— To do —
Copy all lines below exactly as written. Leave pictures out.

— Exercise inputs —
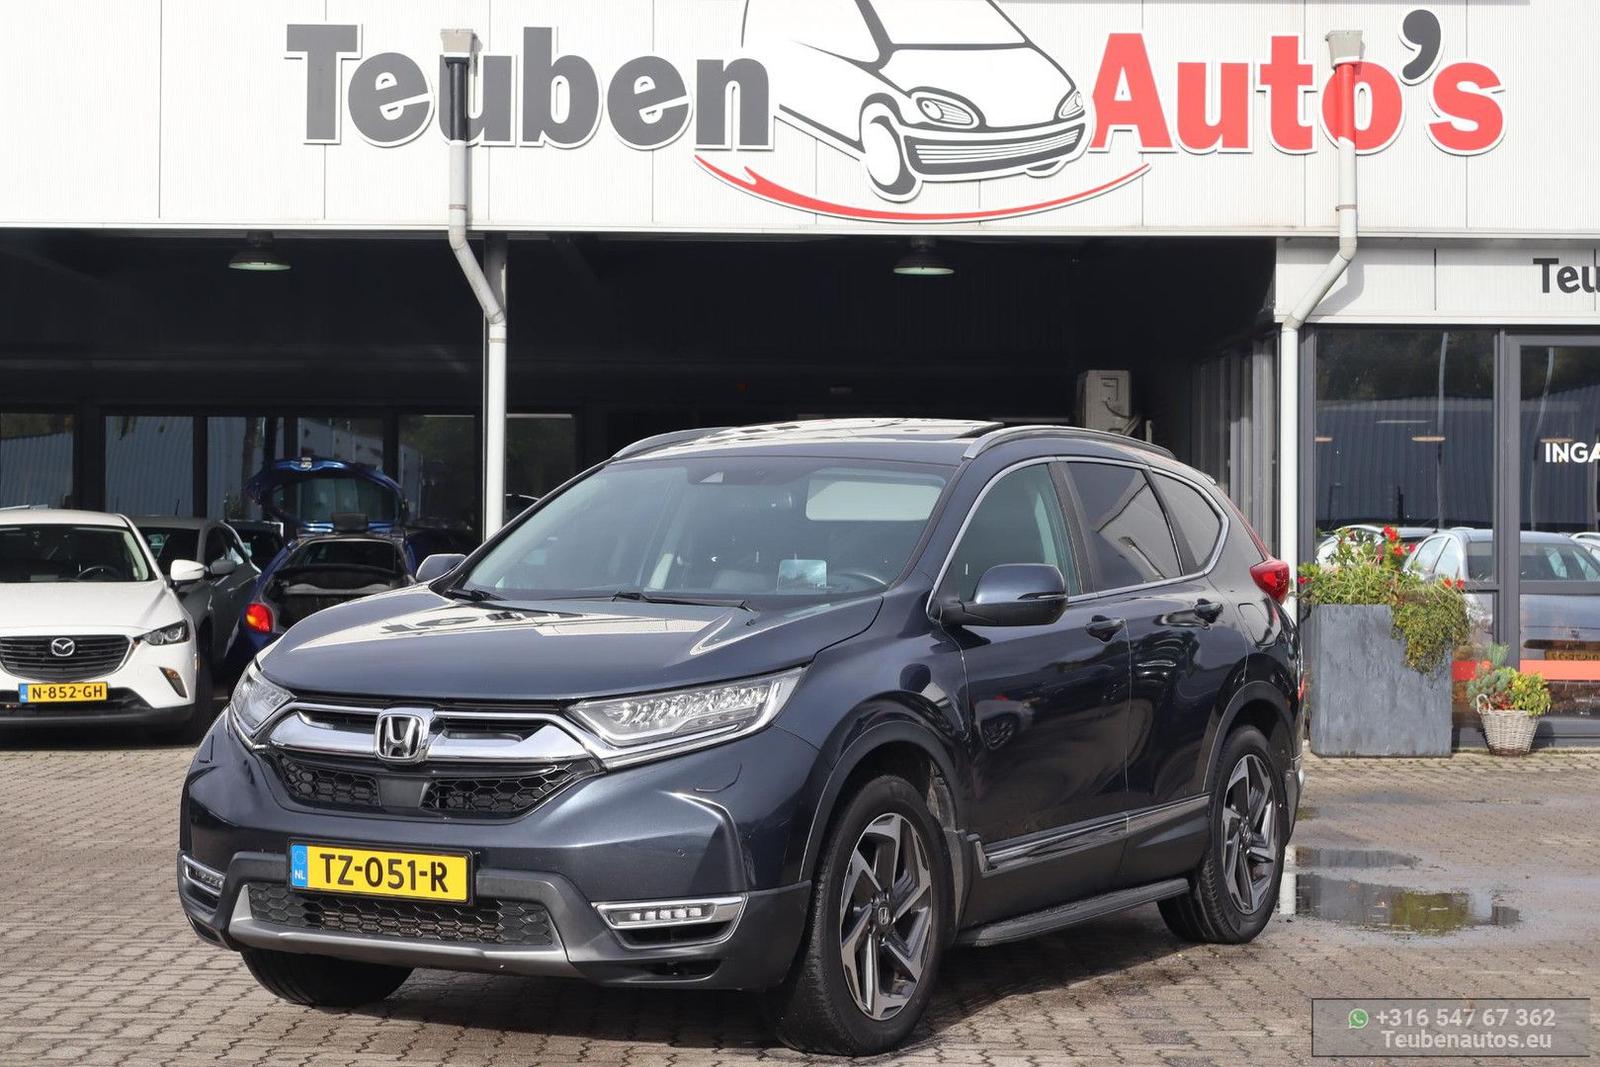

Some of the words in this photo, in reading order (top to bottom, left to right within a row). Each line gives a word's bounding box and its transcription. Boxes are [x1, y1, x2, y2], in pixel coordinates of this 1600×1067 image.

[286, 24, 772, 150] Teuben
[1088, 9, 1506, 156] Auto's
[1533, 258, 1600, 293] Teu
[32, 685, 103, 700] N-852-GH
[294, 870, 306, 881] NL
[319, 853, 449, 893] TZ-051-R
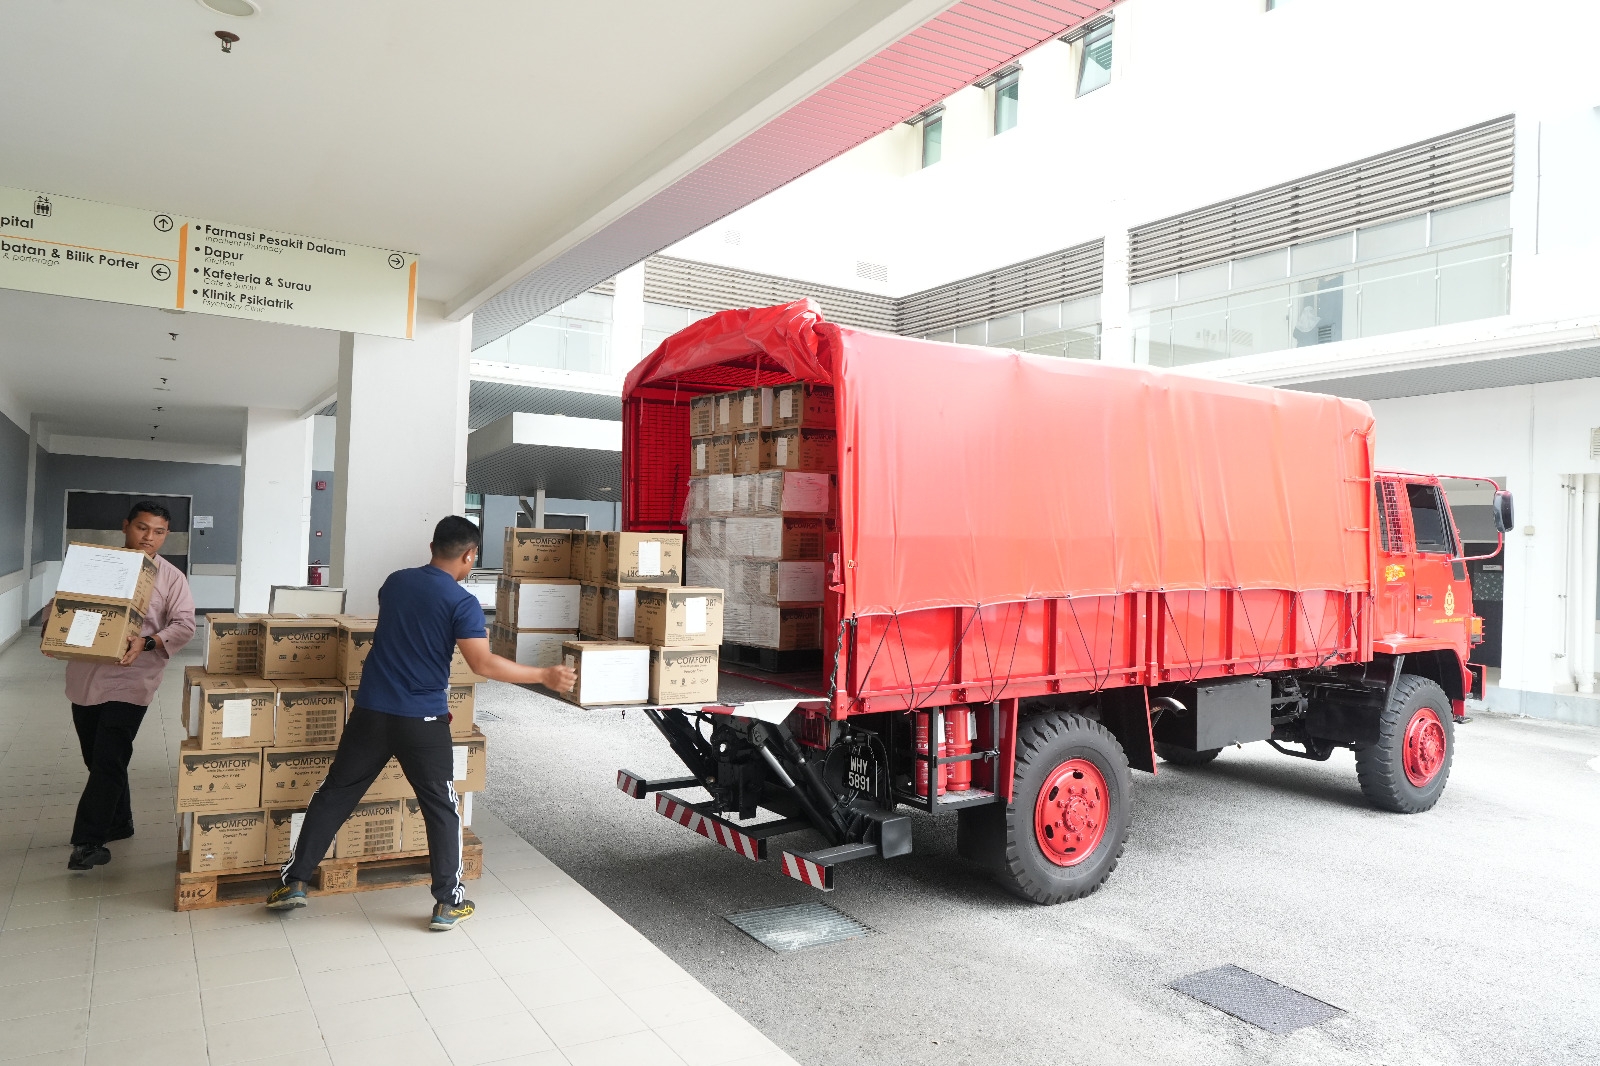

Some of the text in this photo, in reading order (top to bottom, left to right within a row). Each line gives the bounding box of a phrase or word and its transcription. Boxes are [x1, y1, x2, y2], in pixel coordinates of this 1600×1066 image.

[205, 224, 347, 257] Farmasi Pesakit Dalam
[1, 240, 140, 270] batan & Bilik Porter
[204, 245, 244, 260] Dapur
[203, 266, 312, 292] Kafeteria & Surau
[202, 288, 294, 310] Klinik Psikiatrik
[529, 537, 565, 545] COMFORT
[287, 632, 330, 641] COMFORT
[676, 656, 712, 665] COMFORT
[296, 697, 337, 706] COMFORT
[202, 759, 252, 769] COMFORT
[285, 756, 331, 767] COMFORT
[850, 755, 868, 775] WHY
[848, 771, 870, 792] 5891
[355, 805, 394, 818] COMFORT
[214, 818, 258, 829] COMFORT
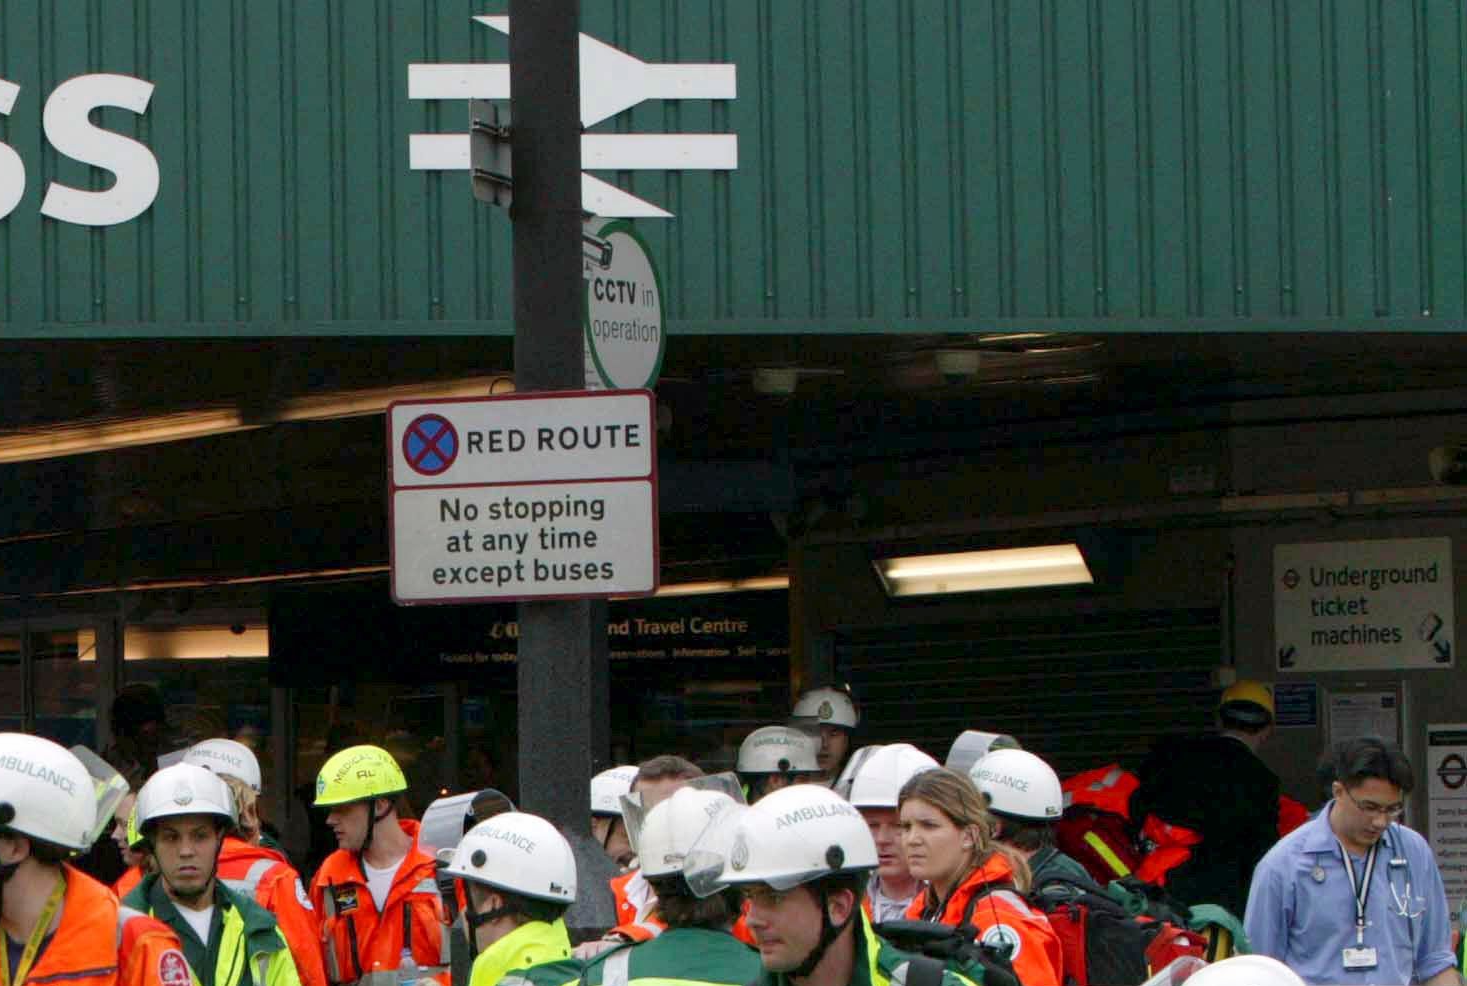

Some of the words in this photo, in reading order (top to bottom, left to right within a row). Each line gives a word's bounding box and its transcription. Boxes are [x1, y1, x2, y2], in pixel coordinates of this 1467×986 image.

— Exercise output —
Some of the words in this photo, in reading order (top to bottom, left to right within a row). Each line gives a word's bounding box and its transcription. Boxes are [x1, y1, x2, y2], in pixel coordinates of this 1600×1067 image.

[286, 24, 772, 150] Teuben
[1088, 9, 1506, 156] Auto's
[1533, 258, 1600, 293] Teu
[32, 685, 103, 700] N-852-GH
[294, 870, 306, 881] NL
[319, 853, 449, 893] TZ-051-R

Some of the text in this photo, in reading order (top to bottom, left to right within a row). Each line gives the bounding box of a phrase or word and its transcription. Boxes are [x1, y1, x2, y2], in pixel coordinates of this 1600×1066 image.

[205, 224, 347, 257] Farmasi Pesakit Dalam
[1, 240, 140, 270] batan & Bilik Porter
[204, 245, 244, 260] Dapur
[203, 266, 312, 292] Kafeteria & Surau
[202, 288, 294, 310] Klinik Psikiatrik
[529, 537, 565, 545] COMFORT
[287, 632, 330, 641] COMFORT
[676, 656, 712, 665] COMFORT
[296, 697, 337, 706] COMFORT
[202, 759, 252, 769] COMFORT
[285, 756, 331, 767] COMFORT
[850, 755, 868, 775] WHY
[848, 771, 870, 792] 5891
[355, 805, 394, 818] COMFORT
[214, 818, 258, 829] COMFORT

Some of the words in this photo, in reading order (top to bottom, left to right within a row). Each line gives a word's bounding box and its transcription. Boxes are [x1, y1, x2, y2], in pixel coordinates of this 1467×986 image.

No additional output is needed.